Following the spike in inflation observed in the latter months of 2020, the Department of Finance (DoF) suggested a reset in strategies to mitigate weather-related inflationary pressures.
The imminent threat of natural calamities every year highlights the need for long-term solutions.
“The Department of Agriculture’s food programs may have to be re-strategized so that unaffected regions can provide alternative supplies of vegetables to typhoon-battered regions immediately after a typhoon,” the DoF said.
The country was lashed by a string of typhoons in 2019, affecting food prices, particularly agricultural commodities, which made a significant contribution to the overall inflation.

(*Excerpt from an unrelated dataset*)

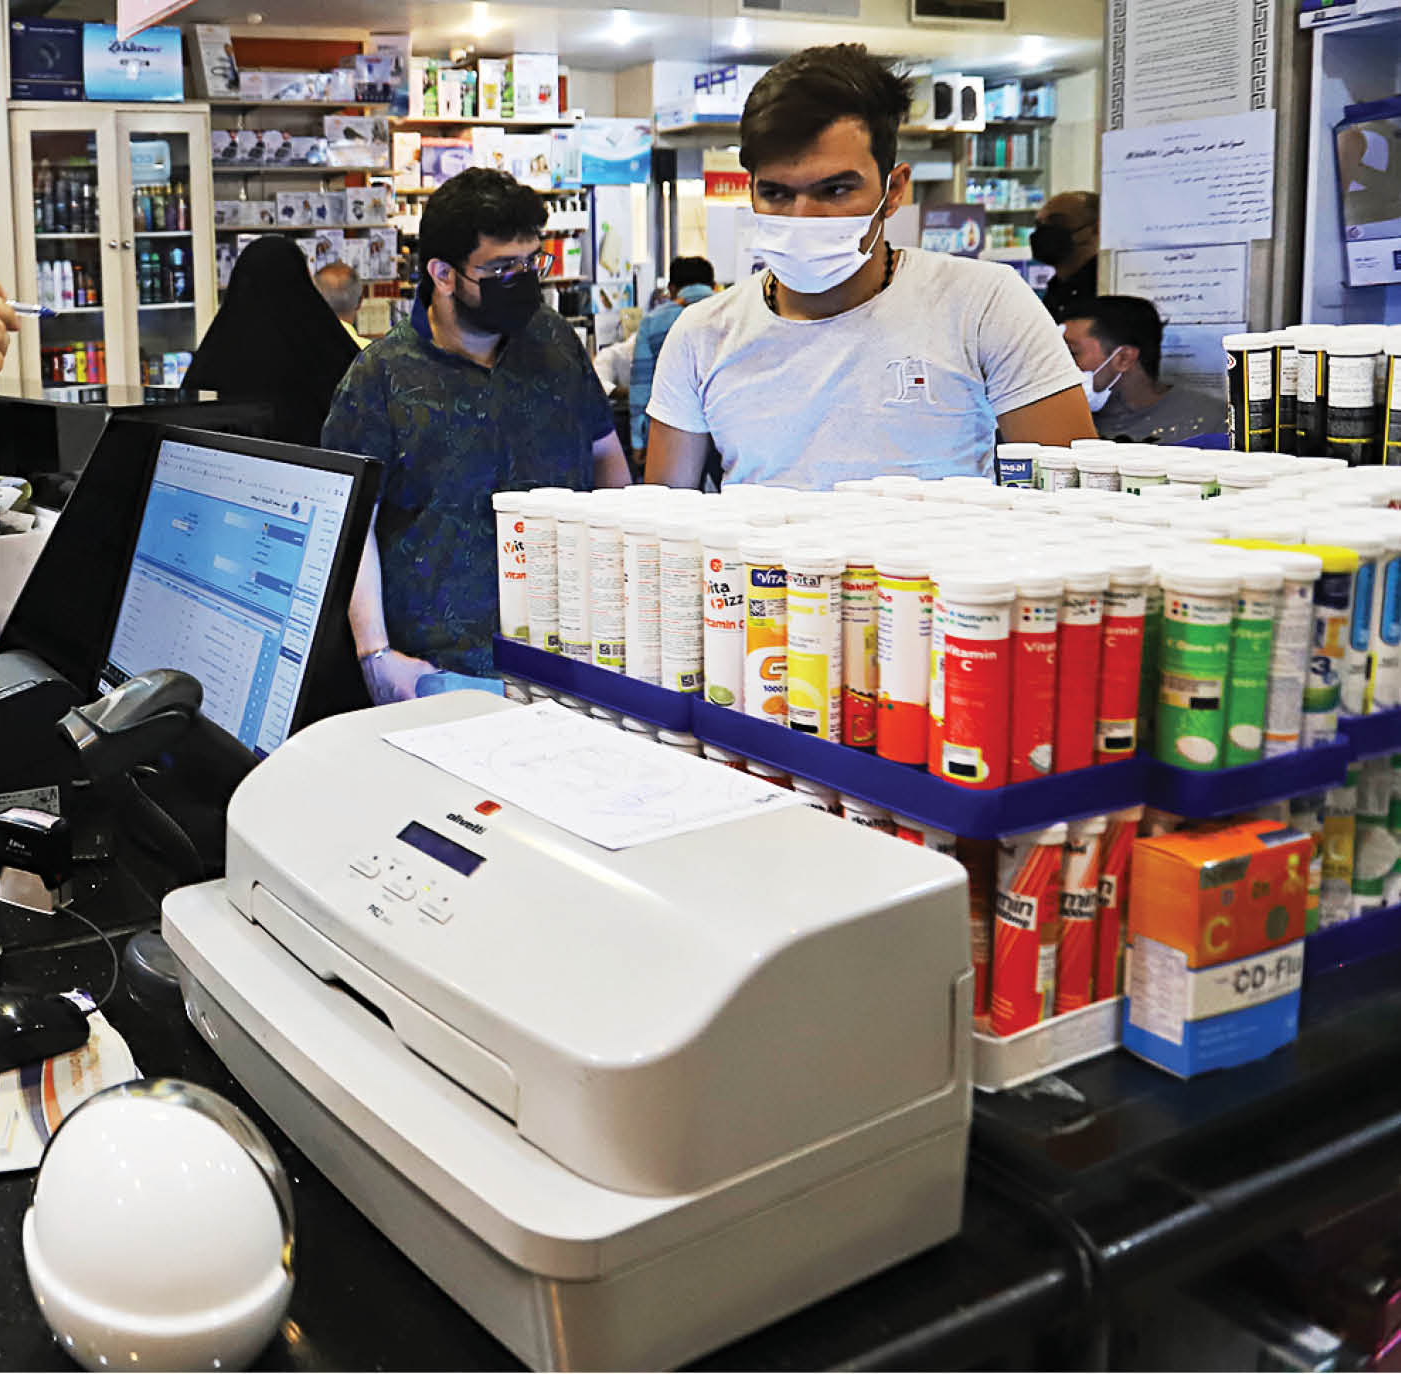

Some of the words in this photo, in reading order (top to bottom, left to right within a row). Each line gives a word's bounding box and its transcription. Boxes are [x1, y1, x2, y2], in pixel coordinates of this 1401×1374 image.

Clocking at a faster rate of 3.5 percent, the higher inflation in December was traced to the witnessed price uptrend in major food items such as vegetables with 19.73 percent and meat with 9.95 percent.
According to the agency, supply shocks prompted the commodity to cost more as the string of weather disturbances didn’t only affect production but the logistics as well.

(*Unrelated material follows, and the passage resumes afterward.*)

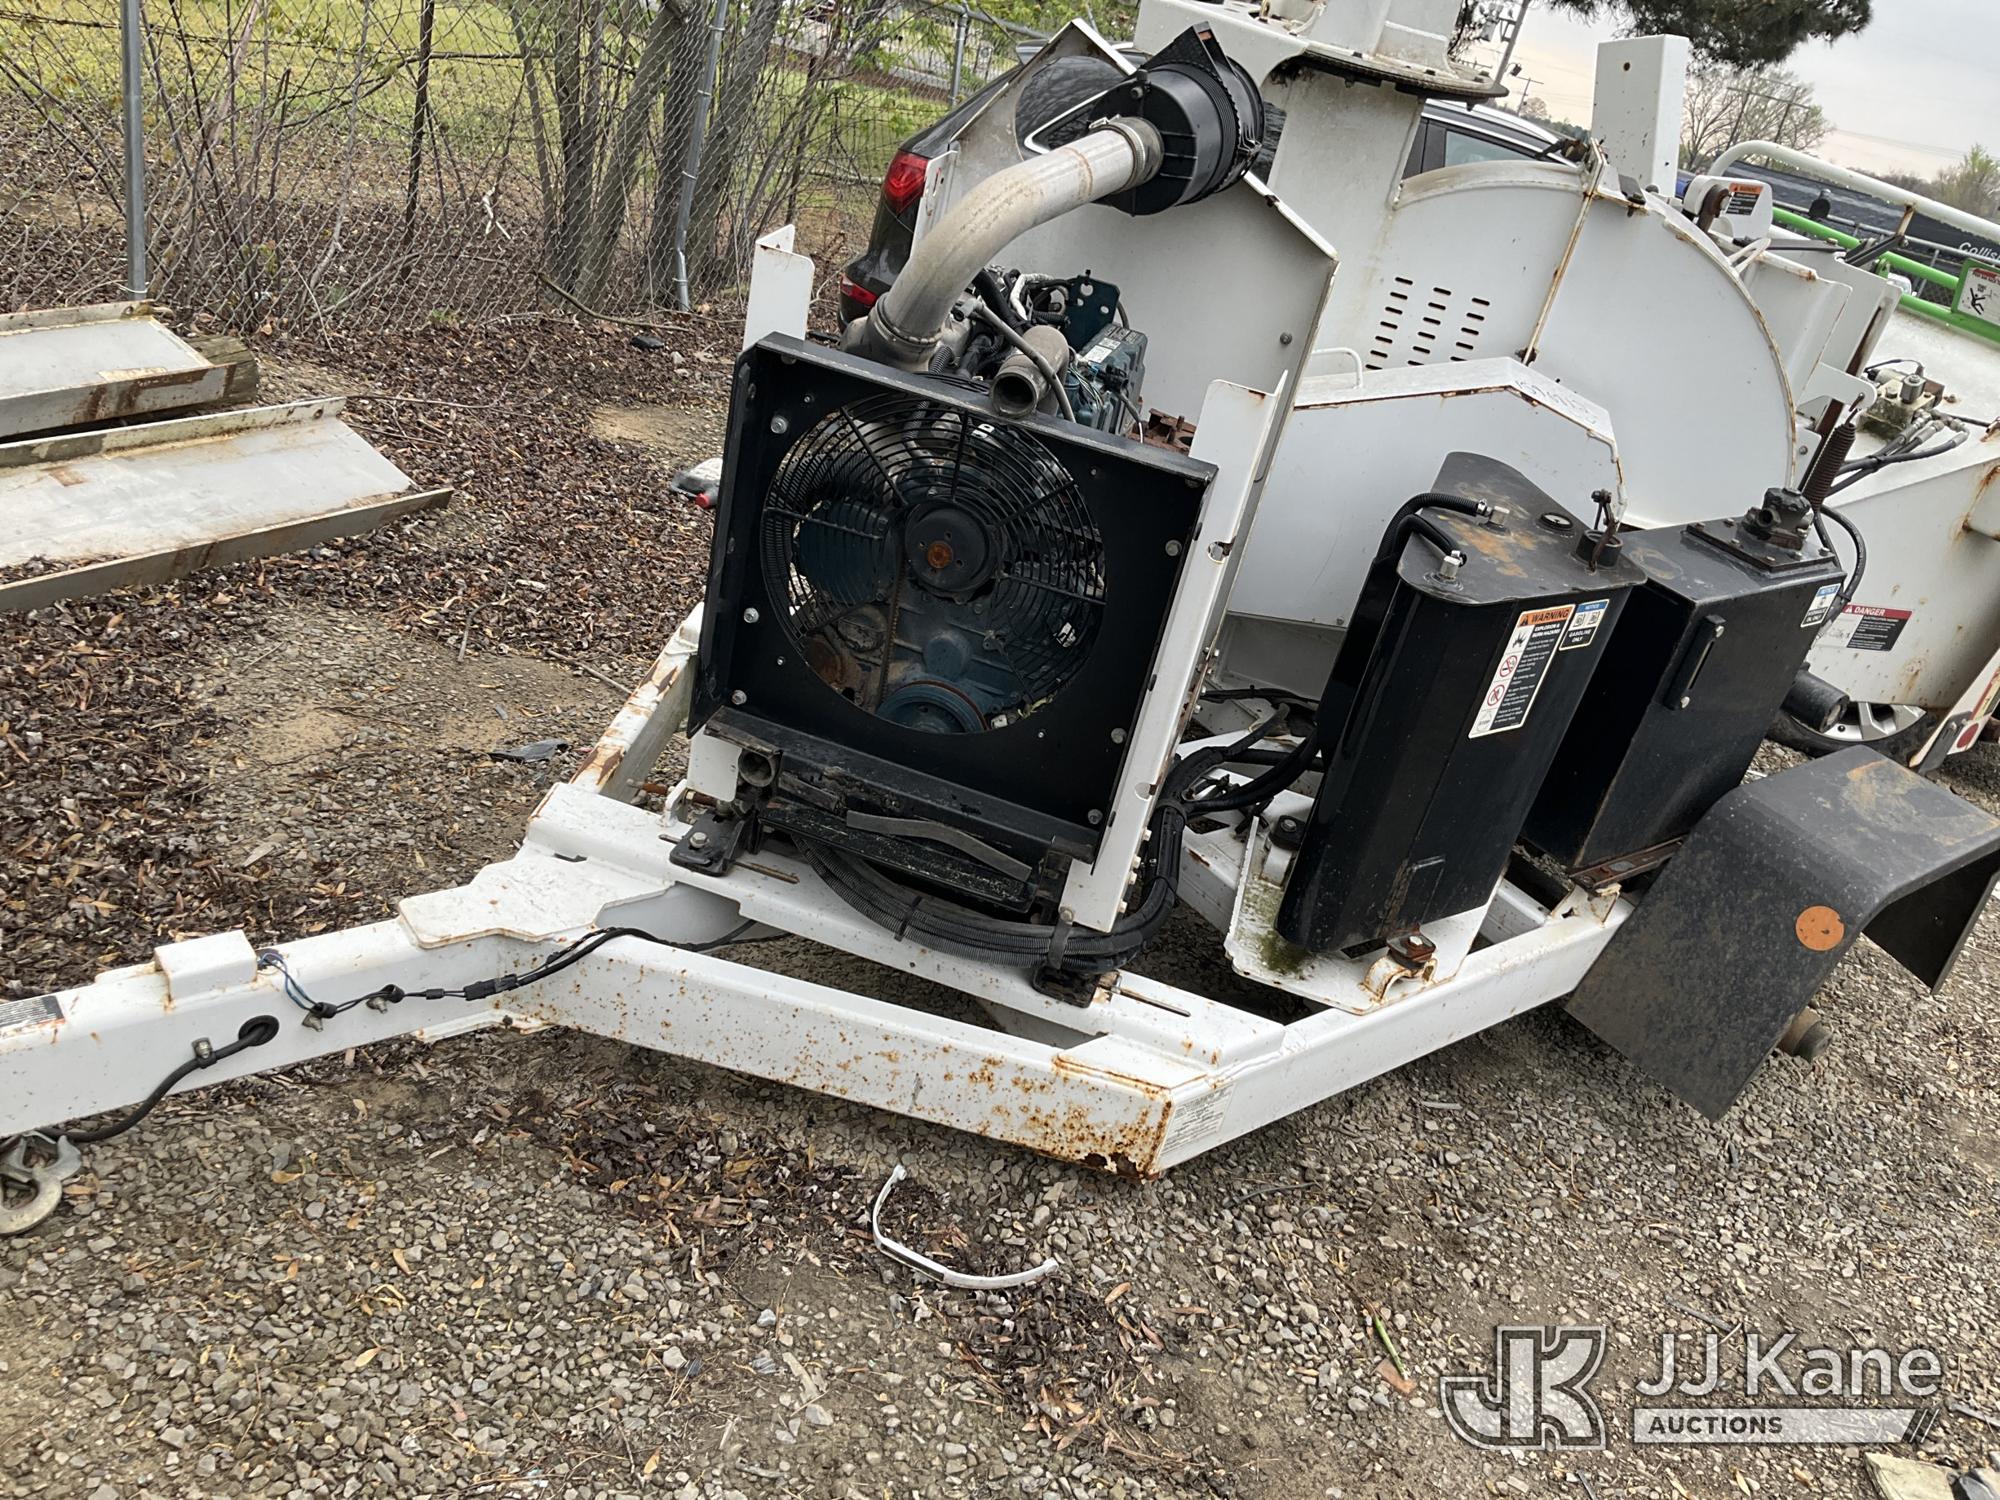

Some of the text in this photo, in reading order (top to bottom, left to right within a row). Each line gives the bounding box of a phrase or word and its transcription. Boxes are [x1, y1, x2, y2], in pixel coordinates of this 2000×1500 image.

Another major item in the food basket, meat likewise suffered from higher prices amid the adverse effects of African Swine Fever.
As such, the DoF urged a stronger program to eradicate the disease and pull meat prices back to its normal levels.
Acting Socioeconomic Planning Secretary Karl Kendrick Chua shared the same sentiment as he earlier cited the need to improve supply chain efficiency to ensure price stability of essential goods and services.
“The imminent threat of natural calamities every year highlights the need for long-term solutions such as infrastructure investment that would improve flood control, water management and irrigations systems,” Chua explained.
The 3.5 percent December inflation cemented a year-to-date inflation of 2.6 percent, well within the government’s two to four percent target band.